An international team of researchers has built a clock whose quantum-mechanical ticking is stable to within 1.6 x 10-18 (a little better than two parts in a quintillion). What does 1.6 x 10-18 look like? It looks like 0.23 seconds in the 4.54-billion-year history of the Earth, or 66 millimeters in the 4.37-light-year distance from Earth to Alpha Centauri. And it may soon usher in an ability to map the interior of the earth by tracking the relativistic changes in clocks ticking on the surface, push terrestrial and space navigation to new levels of precision, and test the laws of physics.
Scientists from the U.S. National Institute of Standards and Technology in Boulder, Colorado, and collaborators at the University of Colorado, the Italian National Institute of Metrological Research, and Turin Polytechnic constructed two clocks based on ytterbium atoms (171Yb) trapped in an optical lattice, spin-polarized, and laser-cooled from 800 Kelvin down to 10 microKelvin (ten-millionths of a degree above absolute zero). Lead author, N. Hinkley, group leader, A.D. Ludlow, and their collaborators describe the device in paper published online by Science.
The path to this breakthrough was bristling with technical challenges such as electromagnetic phenomena that tend to skew frequency measurements. Among them are the Dick effect (interference from the interrogation laser), plus the Stark and Zeeman effects (changes in emitted spectra in response to electric and magnetic fields, respectively), and Doppler shift (changes in light frequency due to an atom’s motion, however small).
The NIST ytterbium clock suspends two clouds of atoms—5000 atoms in each—in optical lattices, which are essentially electromagnetic nets of potential wells created by reflecting a laser beam back upon itself. To prevent the field from producing Stark shifts, the researchers tuned the lattice laser to its “magic” wavelength (759 nm), creating a field that balances the Stark shifts for the two clocks.

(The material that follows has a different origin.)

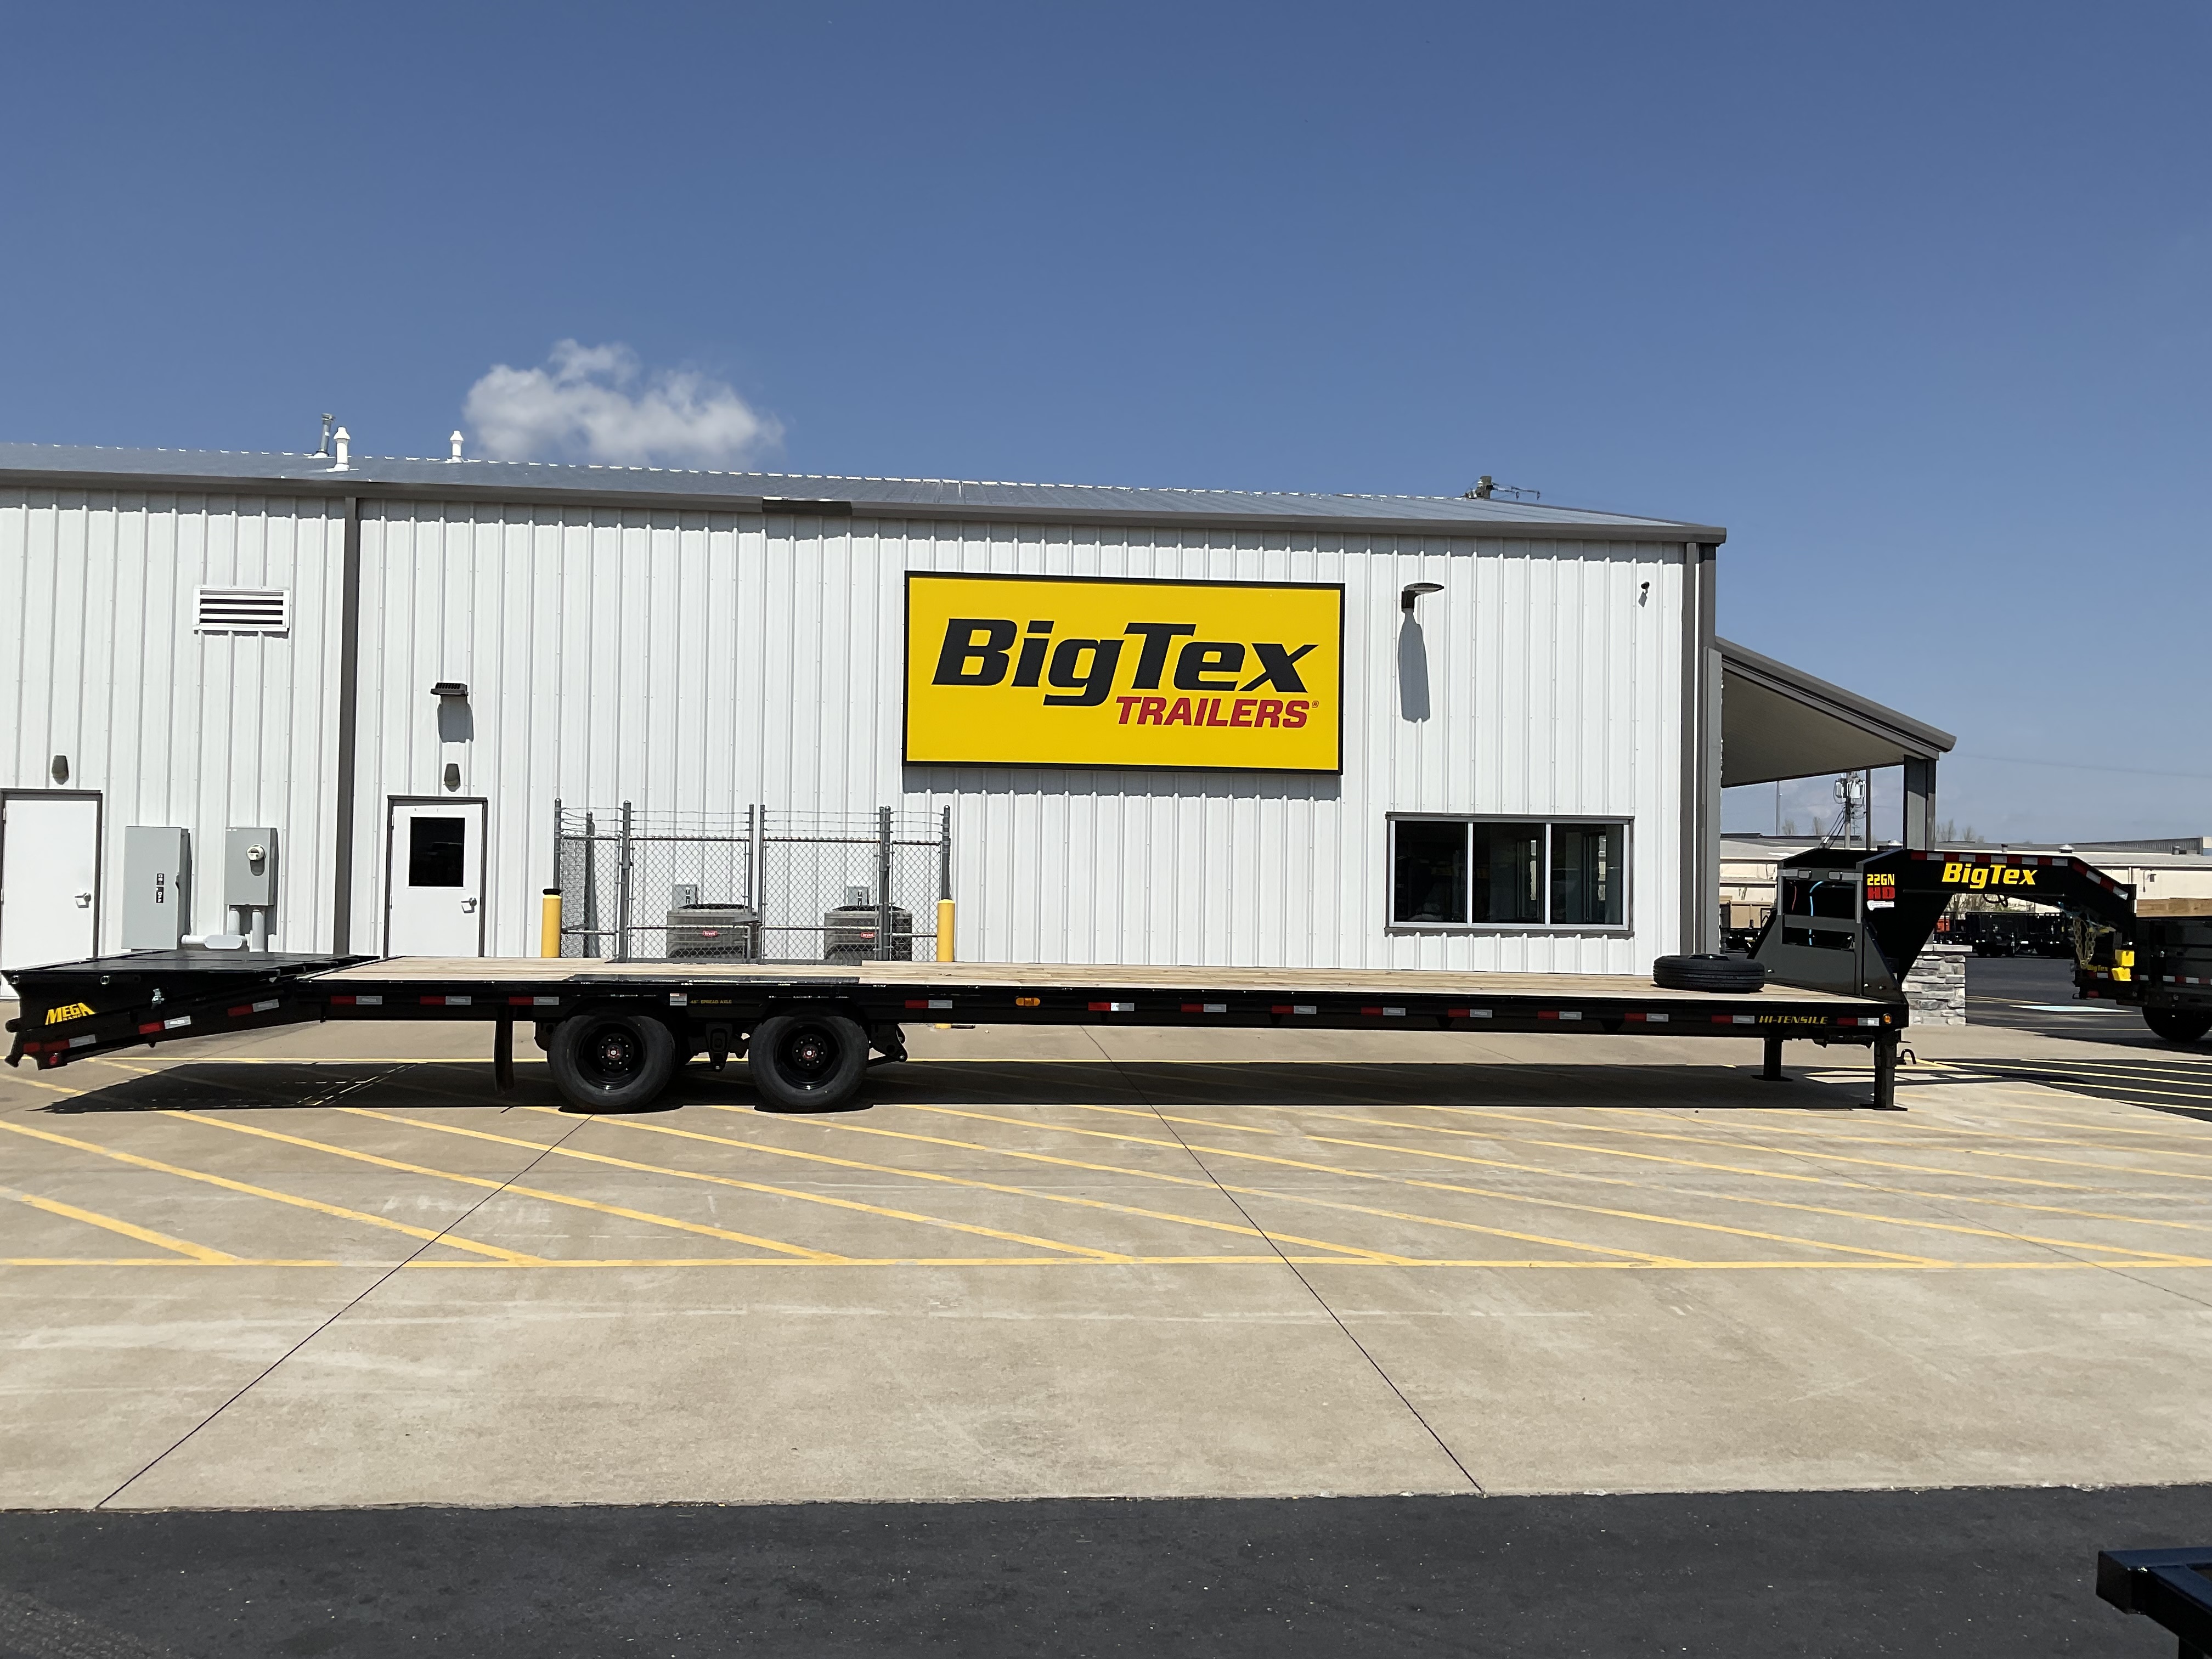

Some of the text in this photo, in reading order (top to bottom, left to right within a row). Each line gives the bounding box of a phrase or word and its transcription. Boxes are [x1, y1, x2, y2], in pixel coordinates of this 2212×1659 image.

Once cooled and stabilized, the clock pumps the contents of the clouds to one of two ground-energy spin states. An interrogating laser then queries both spin states to cancel Zeeman and Stark shifts. Fluorescence reveals the number of atoms originating in the first cloud that are in the ground and excited states, respectively. The device then examines the state of the atoms from the other lattice. The device averages the frequency of each group of atoms over time, and compares them to calculate the clock’s inherent instability.
The precision of this average improves over time (inversely proportional, in fact, to the square root of the sampling time, as is the case with many fluorescent devices). The device attained its 1.6 x 10-18 stability only after 25 000 seconds (6.94 hours) of run time. Though that is a new benchmark, the team thinks it can do better: larger atom clouds, improved methods for reducing interference, and a protocol for alternately loading and examining ytterbium lattices, they say, could allow the clock to reach the same level of stability in runs lasting just 100 seconds. If they, or any group, can manage that, they would likely open up a new class of measurement, with clocks that can gauge not only time, but also space and mass more exactly than ever before.